La Follette even ran for President in 1924 under the Progressive Party ticket.  He lost, but captured Wisconsin and won 17% of the vote nationally.  He continued in the Senate until his death the next year.


I may not like all of his politics, but you gotta love a fighter!

7 comments:

Roger said...

You could have given me a list of 500 names and the chance to pick 490 of them and I would not have gotten him.

Nate Maas said...

And you knew American Horse by sight?!?

Judi said...

What an interesting fellow. I appreciate so much that you give us a little history of your Person of Mystery.
I had to go to Google to find out anything about American Horse. I think he was Sitting Bull's son.

Mary said...

Nate, which part of his politics don't you like? Child labor laws? Rights for blacks and American Indians? Voting rights for women?

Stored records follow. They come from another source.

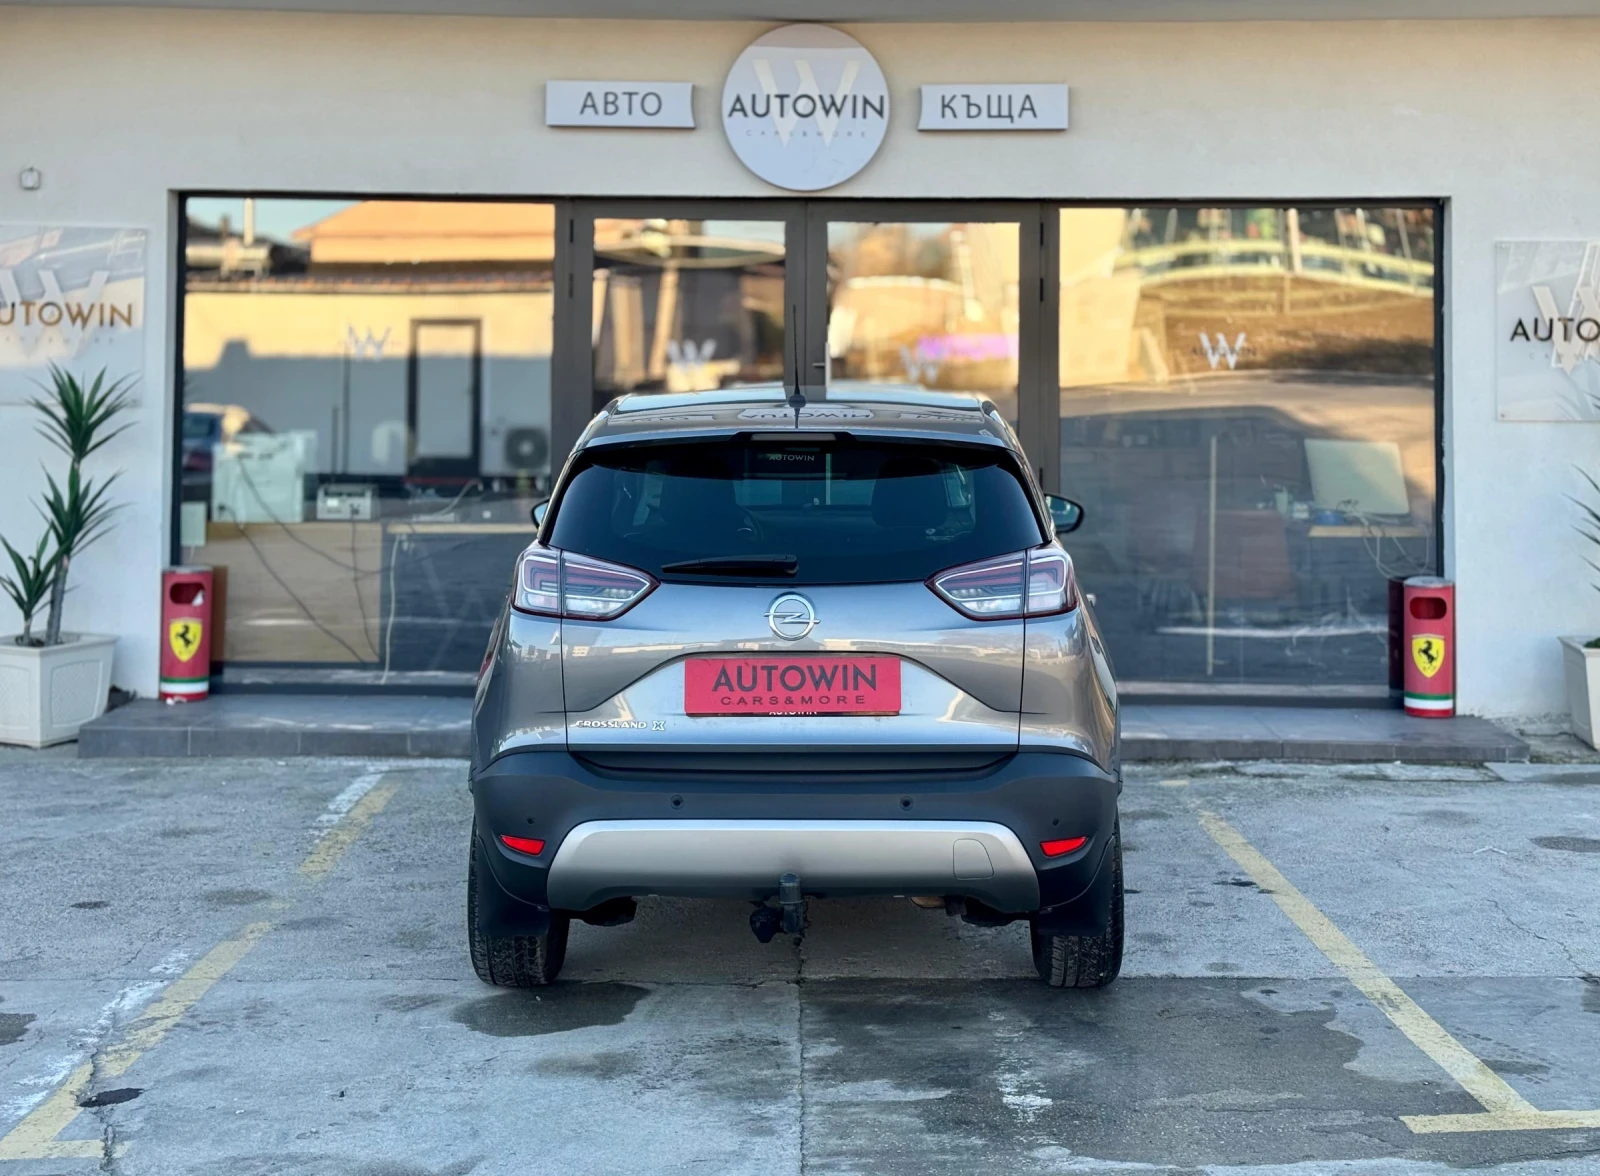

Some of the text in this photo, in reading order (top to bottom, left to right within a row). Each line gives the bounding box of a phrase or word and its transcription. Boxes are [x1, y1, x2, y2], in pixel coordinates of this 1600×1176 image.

[580, 91, 662, 116] АВТО
[727, 93, 885, 119] AUTOWIN
[941, 94, 1038, 124] КЪЩА
[769, 454, 815, 462] AUTOWIN
[712, 664, 877, 692] AUTOWIN
[720, 696, 866, 706] CARS&MORE
[575, 720, 666, 731] CROSSLAND X

People forget that disallowing child labor, safe working conditions, the 8-hour day and the 40-hour work week are because of courageous individuals, progressives, and unions who literally fought with the paid goons hired by corporate interests.

How many young women died in the Shirtwaist Factory Fire?

Nate Maas said...

Ha ha ha, Mary. It does sound bad when I re-read what I wrote. No, I have admiration for much of what La Follette did, particularly for his anti-war and anti-imperialism stances. I'm still pro-women's suffrage and anti-slavery (thanks). Plenty of admiration for a man with convictions. I don't particularly like some of his his proto-welfare state legislation and his later complicity with big labor.

Off the top of my head, I think somewhere between 150 to 200 died in the Triangle fire, but I may be wrong.

Roger said...

That is not where my mind went. I just thought with his beat up face he must be a boxer. PJM's photo was easy to tell the guy was an Indian.

Far Side of Fifty said...

Thanks for the history lesson..:)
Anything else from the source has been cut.